### Activity
Each record must be copied in full and unchanged; any image it holds is excluded.

Data entries
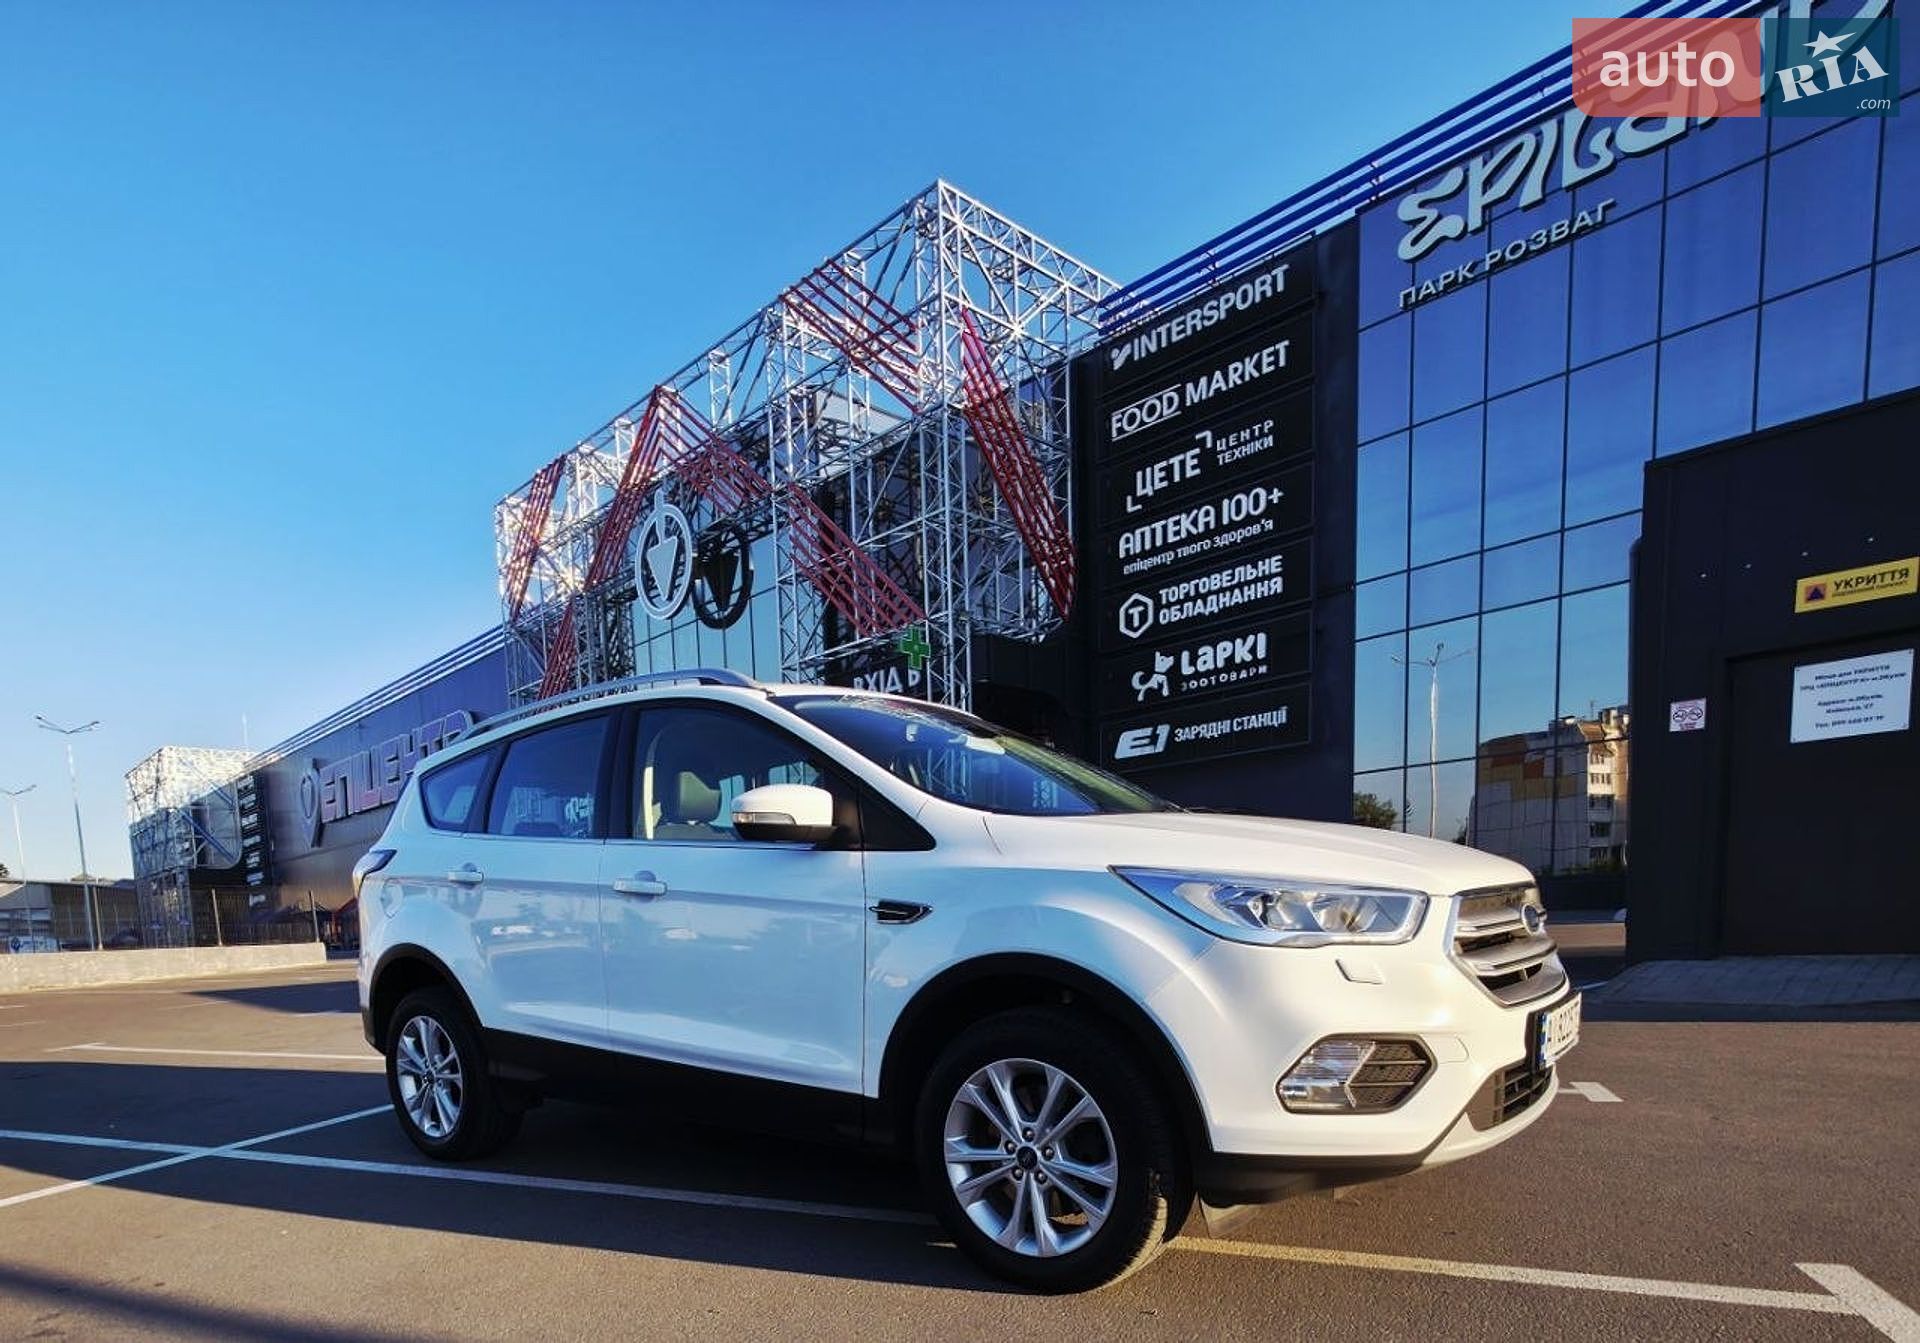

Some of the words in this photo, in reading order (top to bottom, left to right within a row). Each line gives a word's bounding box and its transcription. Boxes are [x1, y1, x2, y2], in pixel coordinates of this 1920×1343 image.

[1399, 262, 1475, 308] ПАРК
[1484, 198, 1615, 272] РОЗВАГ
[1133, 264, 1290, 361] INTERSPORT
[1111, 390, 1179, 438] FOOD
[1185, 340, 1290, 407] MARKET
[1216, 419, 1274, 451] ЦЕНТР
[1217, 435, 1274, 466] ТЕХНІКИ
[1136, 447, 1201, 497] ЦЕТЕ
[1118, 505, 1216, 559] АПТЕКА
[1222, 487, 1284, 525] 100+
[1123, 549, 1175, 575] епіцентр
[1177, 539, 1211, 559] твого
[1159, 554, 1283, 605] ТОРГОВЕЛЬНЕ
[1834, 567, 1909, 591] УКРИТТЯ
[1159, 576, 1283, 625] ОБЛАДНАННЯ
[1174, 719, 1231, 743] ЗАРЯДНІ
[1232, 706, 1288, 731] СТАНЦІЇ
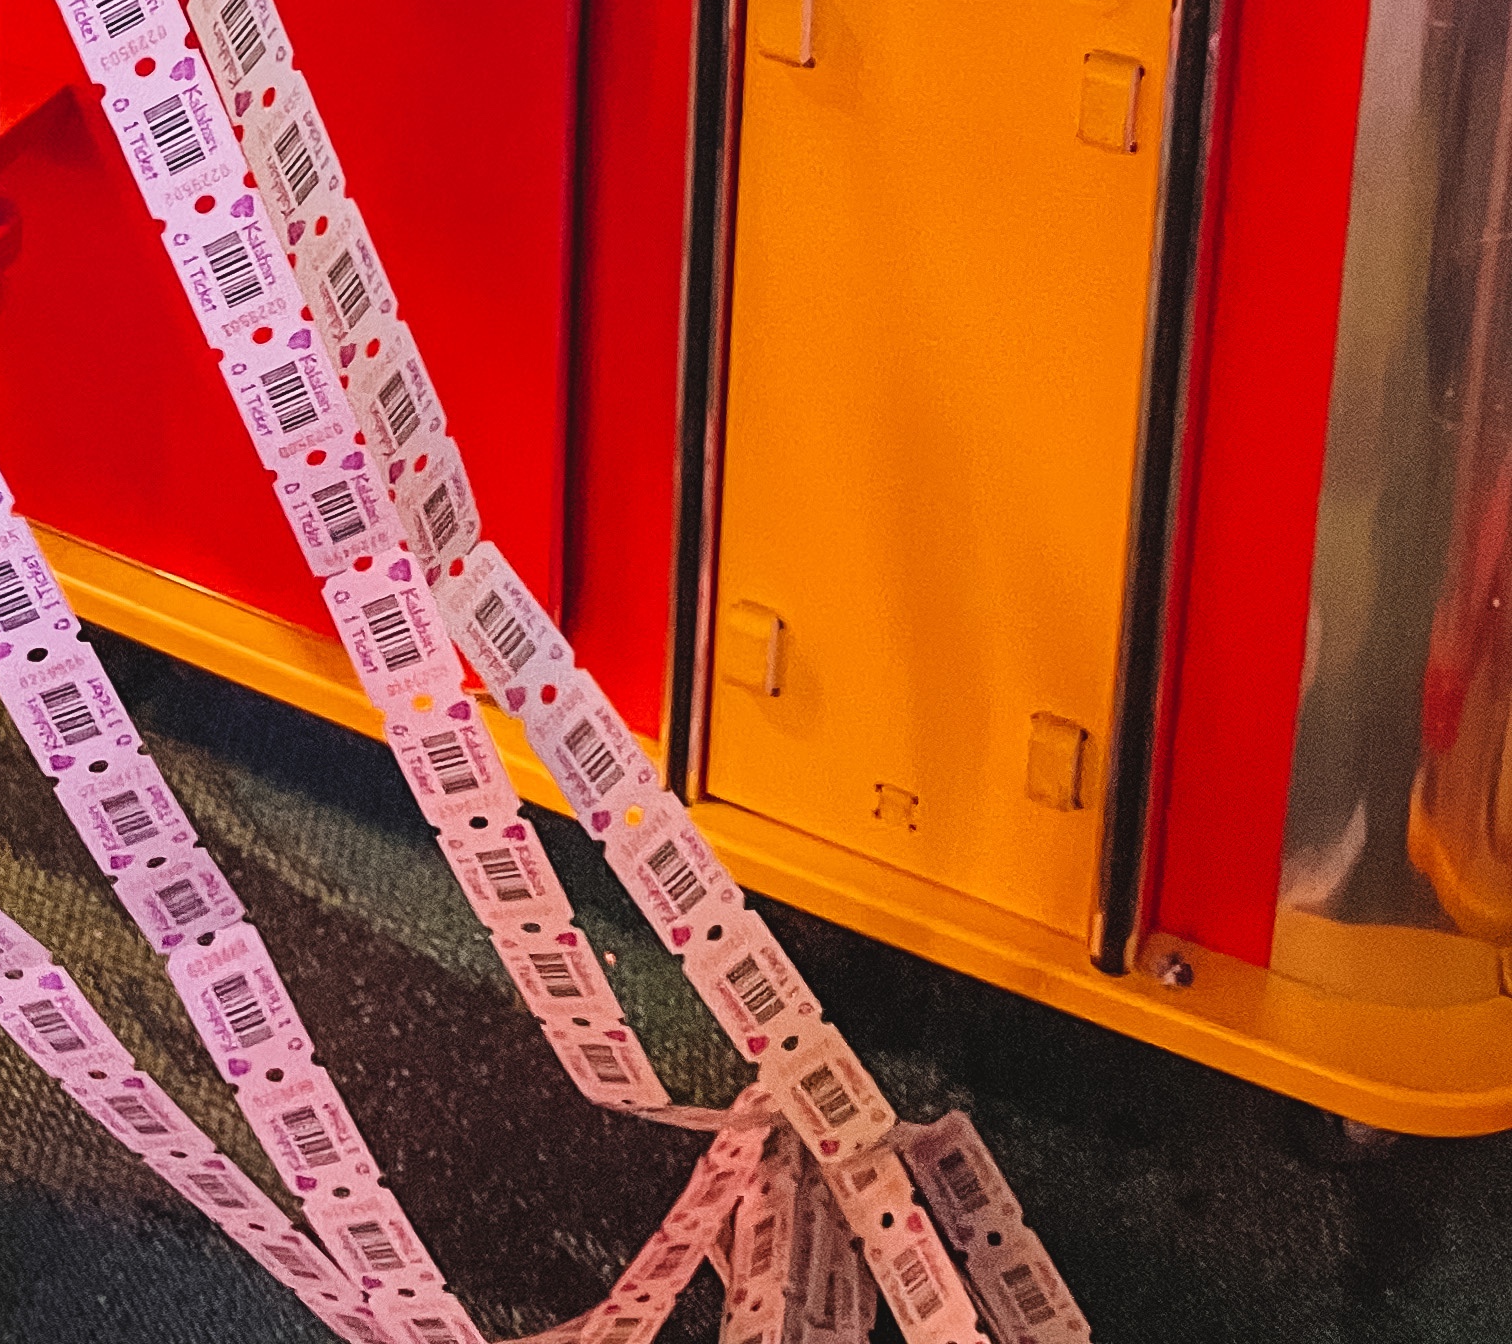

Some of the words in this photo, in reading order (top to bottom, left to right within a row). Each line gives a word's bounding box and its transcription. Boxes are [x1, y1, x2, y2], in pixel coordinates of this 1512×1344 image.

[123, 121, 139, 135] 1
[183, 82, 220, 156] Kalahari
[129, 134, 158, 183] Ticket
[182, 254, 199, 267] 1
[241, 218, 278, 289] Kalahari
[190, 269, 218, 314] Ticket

### Reply
Some of the words in this photo, in reading order (top to bottom, left to right within a row). Each line gives a word's bounding box and its transcription. Boxes are [x1, y1, x2, y2], in pixel coordinates of this 1920×1343 image.

[1399, 262, 1475, 308] ПАРК
[1484, 198, 1615, 272] РОЗВАГ
[1133, 264, 1290, 361] INTERSPORT
[1111, 390, 1179, 438] FOOD
[1185, 340, 1290, 407] MARKET
[1216, 419, 1274, 451] ЦЕНТР
[1217, 435, 1274, 466] ТЕХНІКИ
[1136, 447, 1201, 497] ЦЕТЕ
[1118, 505, 1216, 559] АПТЕКА
[1222, 487, 1284, 525] 100+
[1123, 549, 1175, 575] епіцентр
[1177, 539, 1211, 559] твого
[1159, 554, 1283, 605] ТОРГОВЕЛЬНЕ
[1834, 567, 1909, 591] УКРИТТЯ
[1159, 576, 1283, 625] ОБЛАДНАННЯ
[1174, 719, 1231, 743] ЗАРЯДНІ
[1232, 706, 1288, 731] СТАНЦІЇ

Some of the words in this photo, in reading order (top to bottom, left to right within a row). Each line gives a word's bounding box and its transcription. Boxes are [x1, y1, x2, y2], in pixel coordinates of this 1512×1344 image.

[123, 121, 139, 135] 1
[183, 82, 220, 156] Kalahari
[129, 134, 158, 183] Ticket
[182, 254, 199, 267] 1
[241, 218, 278, 289] Kalahari
[190, 269, 218, 314] Ticket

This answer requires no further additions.